Des inquiétudes qui sont reflétées par les pancartes hissées par les manifestants. « La fumée pue, est-ce que ça nous tue ? », interroge l’une d’elles. « Avec Lubrizol, on n’a pas de bol », fait rimer une autre. Quant à Myriam, professeure au collège Jean-Lecanuet, elle porte une pancarte : « On protège les élèves de la canicule mais pas des molécules ».

La parole des autorités mise en doute

Et malgré la promesse de transparence faite par le gouvernement, l’enquête en cours, la nomination d’un  expert spécialiste en chimie et produits industriels pour examiner les lieux, la suspicion semble encore de mise. « On nous dit que l’air est aussi bon qu’avant, mais c’est faux. Et les expertises, on peut leur faire dire ce que l’on voudra pour ne pas inquiéter la population », estime Hélène. « On veut des experts indépendants », réclame aussi Gérald Lecorre, membre de la CGT Seine Maritime, sans expliquer pourquoi il estime qu’ils ne le sont pas. Tout près de lui, une vingtaine de manifestants en combinaisons blanches et masques à gaz déploient une banderole « Stop aux mensonges d’Etat, Lubrizol vérité ». Un peu plus loin, Marie tient une pancarte éloquente : « Arrêtez de nous enfumer, on n’est pas des jambons ». « Les expertises sont parcellaires. Et l’on ne sait toujours pas précisément ce qui a brûlé », explique-t-elle.

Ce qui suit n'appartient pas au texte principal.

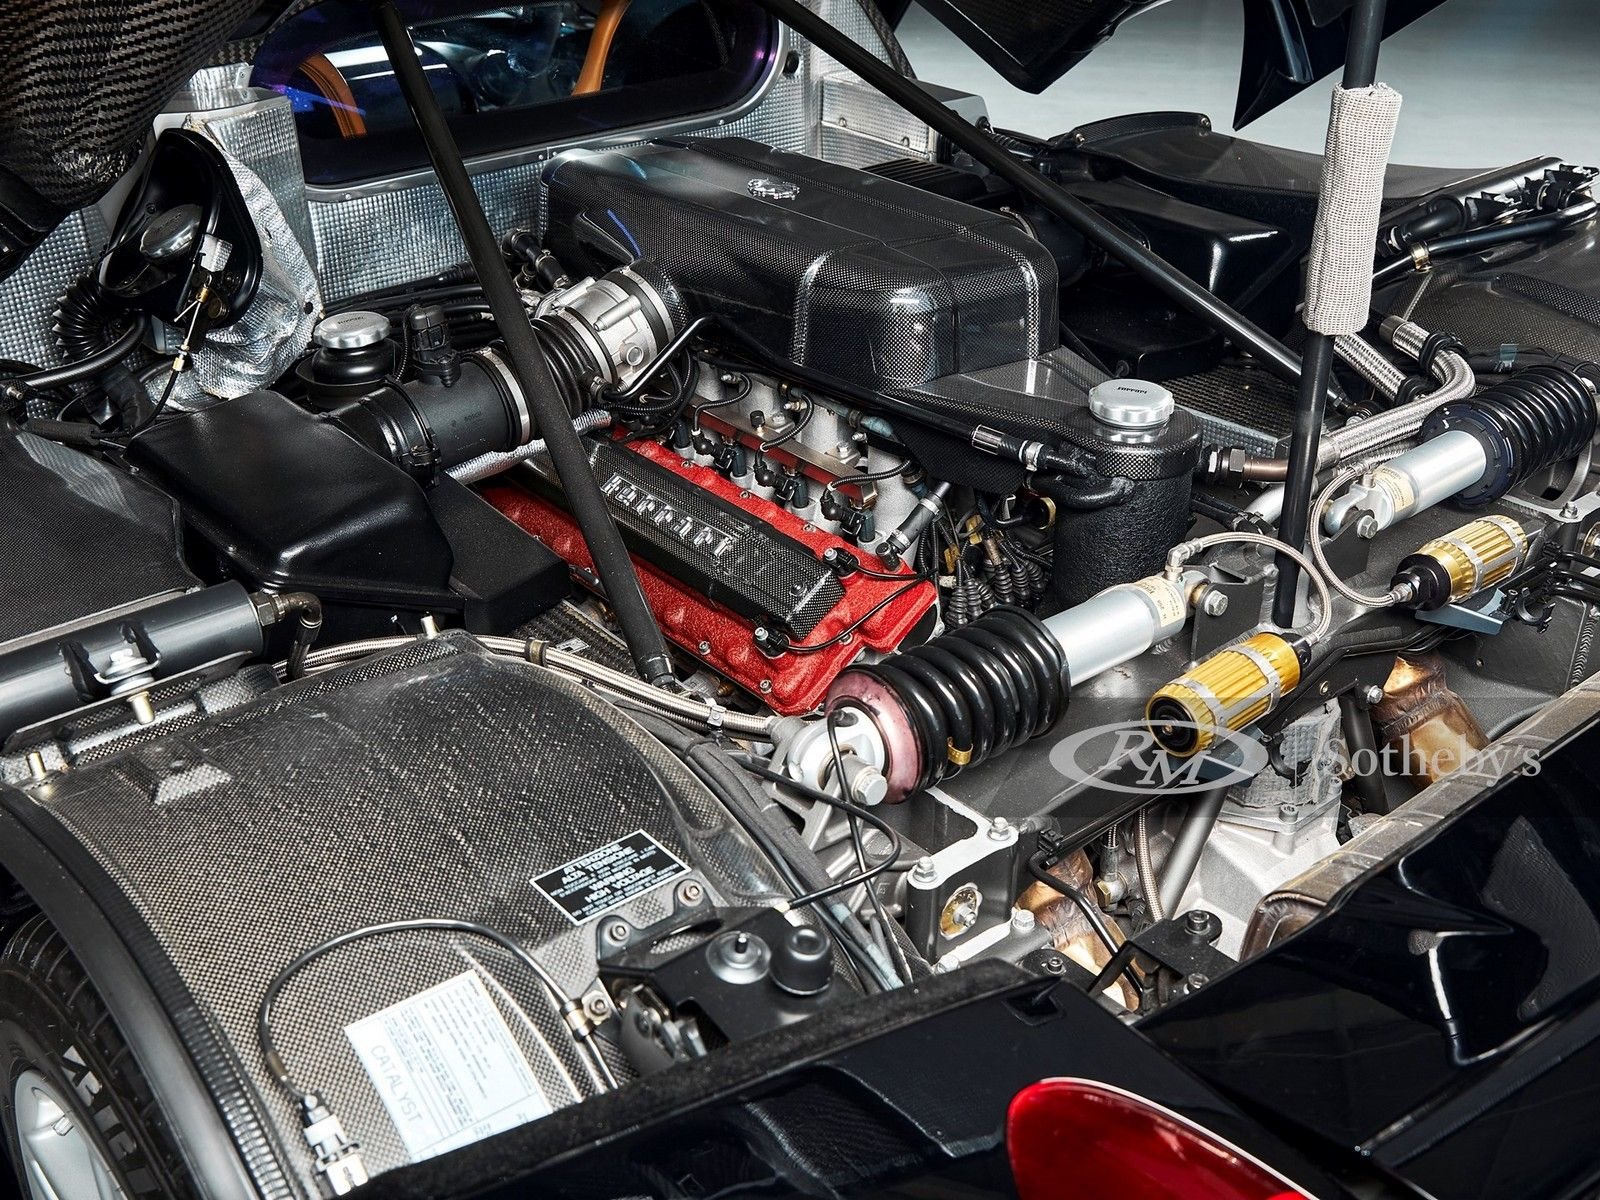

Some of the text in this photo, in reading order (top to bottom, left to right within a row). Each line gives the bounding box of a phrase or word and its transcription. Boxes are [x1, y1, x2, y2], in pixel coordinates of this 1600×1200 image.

Et que ce soit celle du préfet ou des ministres, la parole des autorités semble remise en cause par de nombreux manifestants : « L’air est comme d’habitude d’après le préfet. Donc c’est vrai qu’on respire des suies toute l’année ? Merci », peut-on lire sur une pancarte. Ou « brochettes fumées aux mensonges », sur une autre. « On ne veut pas être rassuré, on veut être informé », résume Olivier Lainé, agriculteur à Saint-Aignan-sur-Ry.

La colère en toile de fond

Certains manifestants ont aussi des mots très durs pour l’entreprise de produits chimiques : « Lubrizol est une multirécidiviste en col blanc. On a privilégié les profits de cette multinationale au détriment des règles élémentaires de sécurité », estime Gérald Lecore, de la CGT Seine Maritime. « Il faut que cette entreprise s’en aille », hurle un manifestant au micro.

Et certains pointent aussi les conséquences économiques que pourrait avoir l’incendie. « Il y a des petits producteurs qui sont aujourd’hui au bord du dépôt de bilan, car ils ne peuvent plus vendre leurs fruits et légumes. Et ils risquent d’être indemnisés trop tard », s’énerve Olivier Lainé. « Cette affaire va nuire à la ville. Mais pour autant, je ne la quitterai pas. Ma vie est ici », déclare Marie, avant de partir défiler dans la ville.